_Provided data_:
- Opening Delimiter -
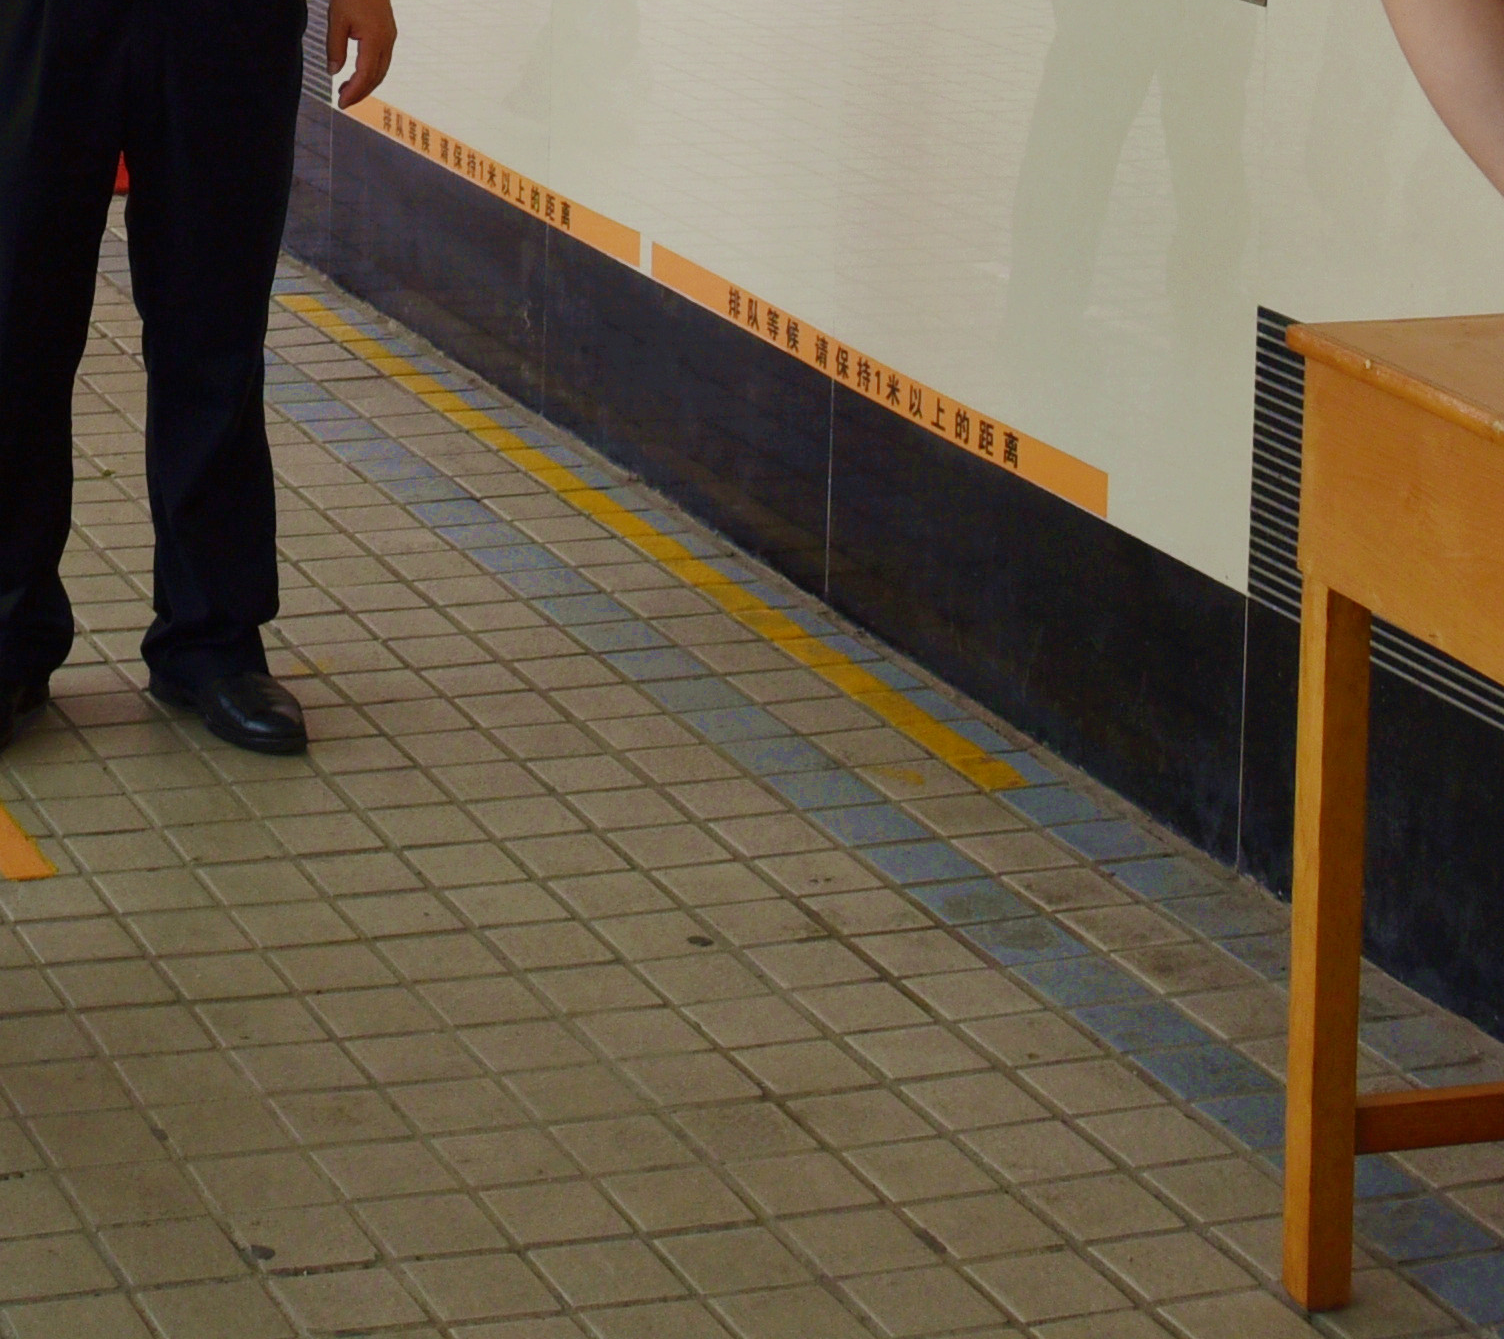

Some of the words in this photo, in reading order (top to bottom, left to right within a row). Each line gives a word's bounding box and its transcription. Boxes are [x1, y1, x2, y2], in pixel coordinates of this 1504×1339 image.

[382, 106, 431, 154] 排队等候
[439, 137, 572, 231] 请保持1米以上的距离
[727, 285, 800, 354] 排队等候
[814, 335, 1020, 469] 请保持1米以上的距离
- Closing Delimiter -
_Exercise_: Skipping every picture, reproduce the records word for word.

_Result below_:
Some of the words in this photo, in reading order (top to bottom, left to right within a row). Each line gives a word's bounding box and its transcription. Boxes are [x1, y1, x2, y2], in pixel coordinates of this 1504×1339 image.

[382, 106, 431, 154] 排队等候
[439, 137, 572, 231] 请保持1米以上的距离
[727, 285, 800, 354] 排队等候
[814, 335, 1020, 469] 请保持1米以上的距离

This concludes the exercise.